Here the job is to transcribe the data verbatim while leaving each picture out.

◇ ◇ ◇

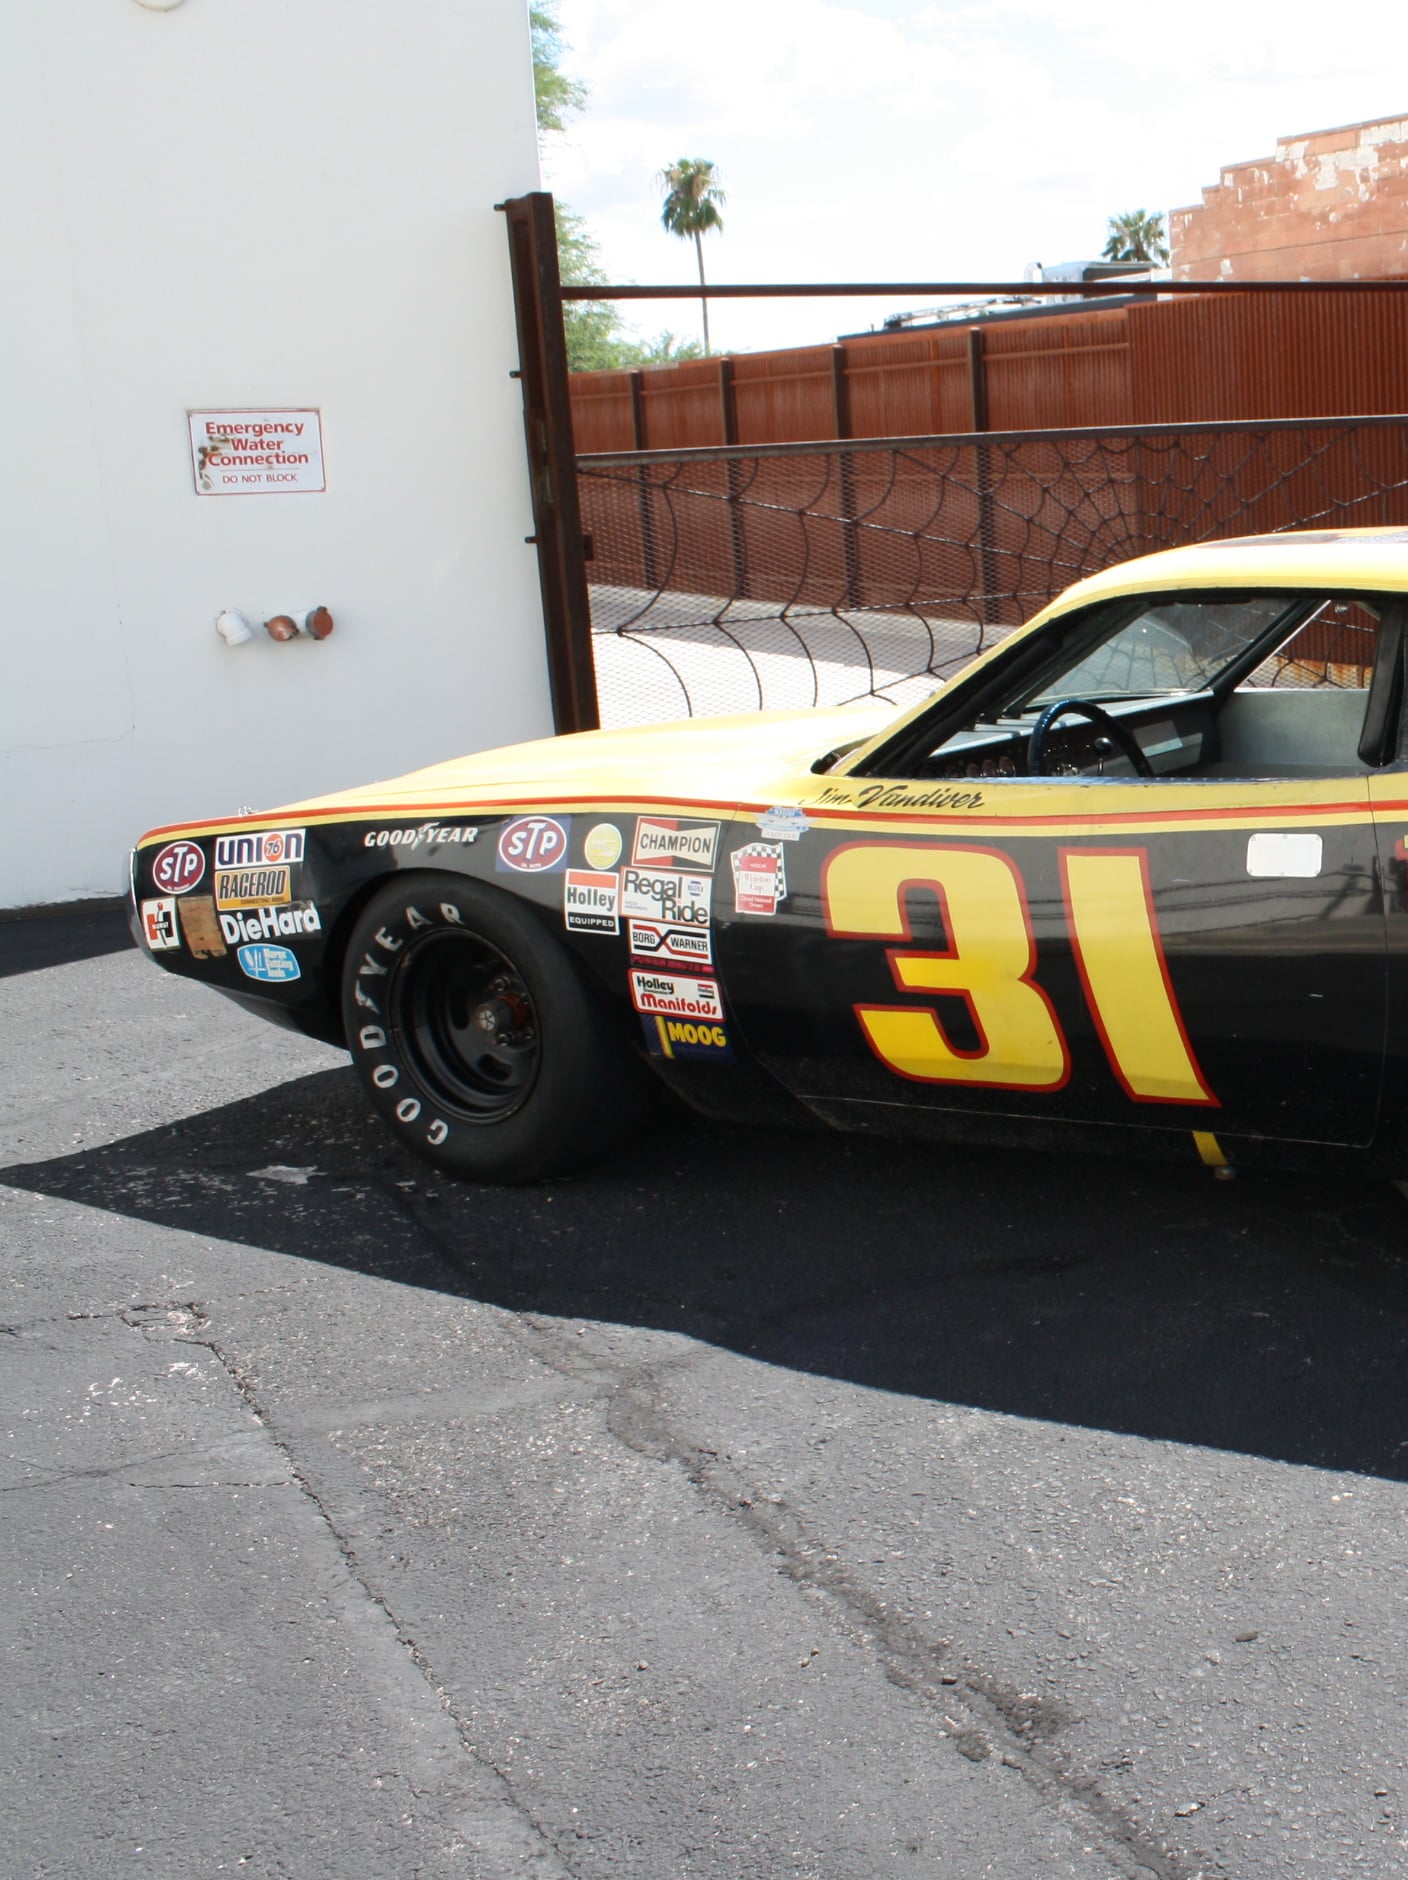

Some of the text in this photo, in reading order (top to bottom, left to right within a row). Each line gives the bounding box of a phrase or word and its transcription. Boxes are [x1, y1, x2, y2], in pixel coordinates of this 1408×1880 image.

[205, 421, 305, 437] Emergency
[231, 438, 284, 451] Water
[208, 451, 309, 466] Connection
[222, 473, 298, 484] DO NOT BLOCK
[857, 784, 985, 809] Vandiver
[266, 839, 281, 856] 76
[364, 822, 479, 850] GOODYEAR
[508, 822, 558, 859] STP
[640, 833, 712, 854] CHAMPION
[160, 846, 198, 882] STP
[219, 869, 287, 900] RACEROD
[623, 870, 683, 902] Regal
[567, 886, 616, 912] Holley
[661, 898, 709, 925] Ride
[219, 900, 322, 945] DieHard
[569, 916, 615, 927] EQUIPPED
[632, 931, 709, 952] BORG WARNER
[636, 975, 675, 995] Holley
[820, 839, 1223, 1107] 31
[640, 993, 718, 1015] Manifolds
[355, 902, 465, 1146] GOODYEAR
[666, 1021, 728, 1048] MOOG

◇ ◇ ◇

**Result of this exercise**.
Some of the text in this photo, in reading order (top to bottom, left to right within a row). Each line gives the bounding box of a phrase or word and its transcription. Boxes are [x1, y1, x2, y2], in pixel coordinates of this 1408×1880 image.

[205, 421, 305, 437] Emergency
[231, 438, 284, 451] Water
[208, 451, 309, 466] Connection
[222, 473, 298, 484] DO NOT BLOCK
[857, 784, 985, 809] Vandiver
[266, 839, 281, 856] 76
[364, 822, 479, 850] GOODYEAR
[508, 822, 558, 859] STP
[640, 833, 712, 854] CHAMPION
[160, 846, 198, 882] STP
[219, 869, 287, 900] RACEROD
[623, 870, 683, 902] Regal
[567, 886, 616, 912] Holley
[661, 898, 709, 925] Ride
[219, 900, 322, 945] DieHard
[569, 916, 615, 927] EQUIPPED
[632, 931, 709, 952] BORG WARNER
[636, 975, 675, 995] Holley
[820, 839, 1223, 1107] 31
[640, 993, 718, 1015] Manifolds
[355, 902, 465, 1146] GOODYEAR
[666, 1021, 728, 1048] MOOG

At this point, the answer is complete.